Items from a dataset:
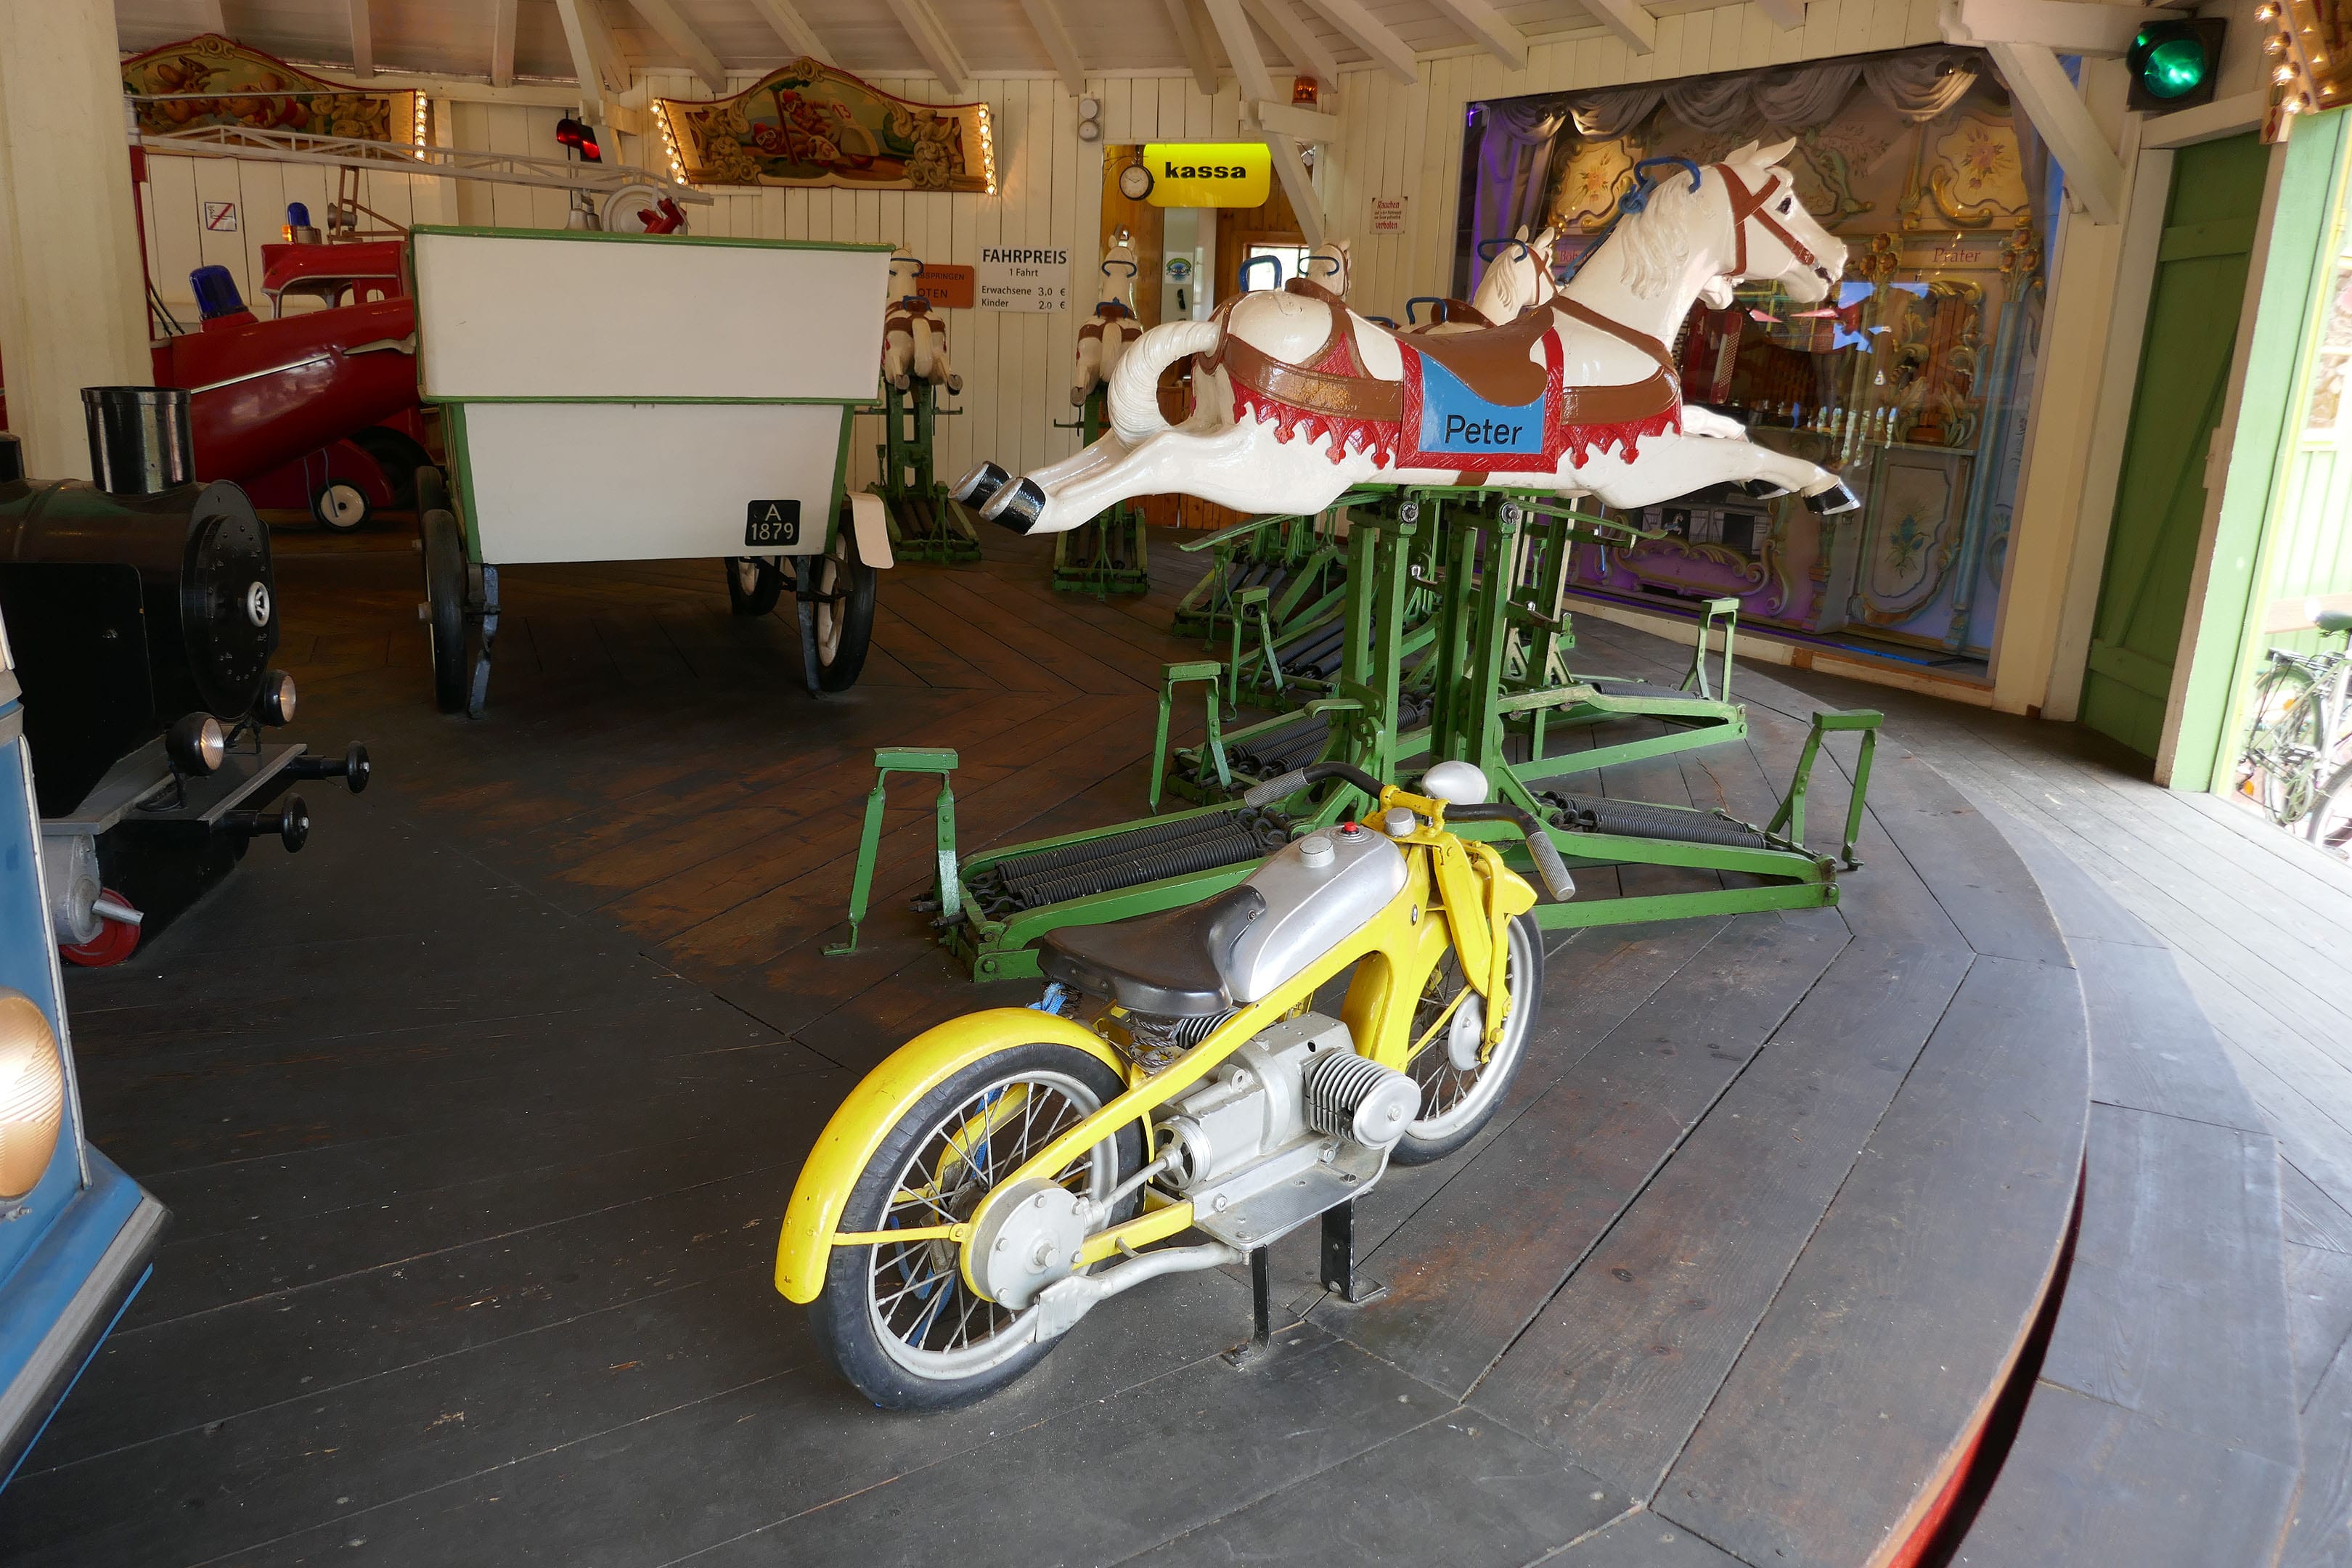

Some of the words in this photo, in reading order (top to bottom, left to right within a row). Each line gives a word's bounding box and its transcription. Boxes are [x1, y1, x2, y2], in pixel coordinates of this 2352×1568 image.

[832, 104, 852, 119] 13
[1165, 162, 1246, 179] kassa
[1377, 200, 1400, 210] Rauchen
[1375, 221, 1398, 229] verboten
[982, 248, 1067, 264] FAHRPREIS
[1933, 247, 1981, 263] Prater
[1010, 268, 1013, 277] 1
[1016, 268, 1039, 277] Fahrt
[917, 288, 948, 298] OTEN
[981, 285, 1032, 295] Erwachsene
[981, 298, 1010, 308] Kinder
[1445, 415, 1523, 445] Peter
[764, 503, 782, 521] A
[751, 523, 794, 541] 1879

**TASK TO CARRY OUT**
Please give the data again unaltered, leaving out any images.

**RESPONSE BOX**
Some of the words in this photo, in reading order (top to bottom, left to right within a row). Each line gives a word's bounding box and its transcription. Boxes are [x1, y1, x2, y2], in pixel coordinates of this 2352×1568 image.

[832, 104, 852, 119] 13
[1165, 162, 1246, 179] kassa
[1377, 200, 1400, 210] Rauchen
[1375, 221, 1398, 229] verboten
[982, 248, 1067, 264] FAHRPREIS
[1933, 247, 1981, 263] Prater
[1010, 268, 1013, 277] 1
[1016, 268, 1039, 277] Fahrt
[917, 288, 948, 298] OTEN
[981, 285, 1032, 295] Erwachsene
[981, 298, 1010, 308] Kinder
[1445, 415, 1523, 445] Peter
[764, 503, 782, 521] A
[751, 523, 794, 541] 1879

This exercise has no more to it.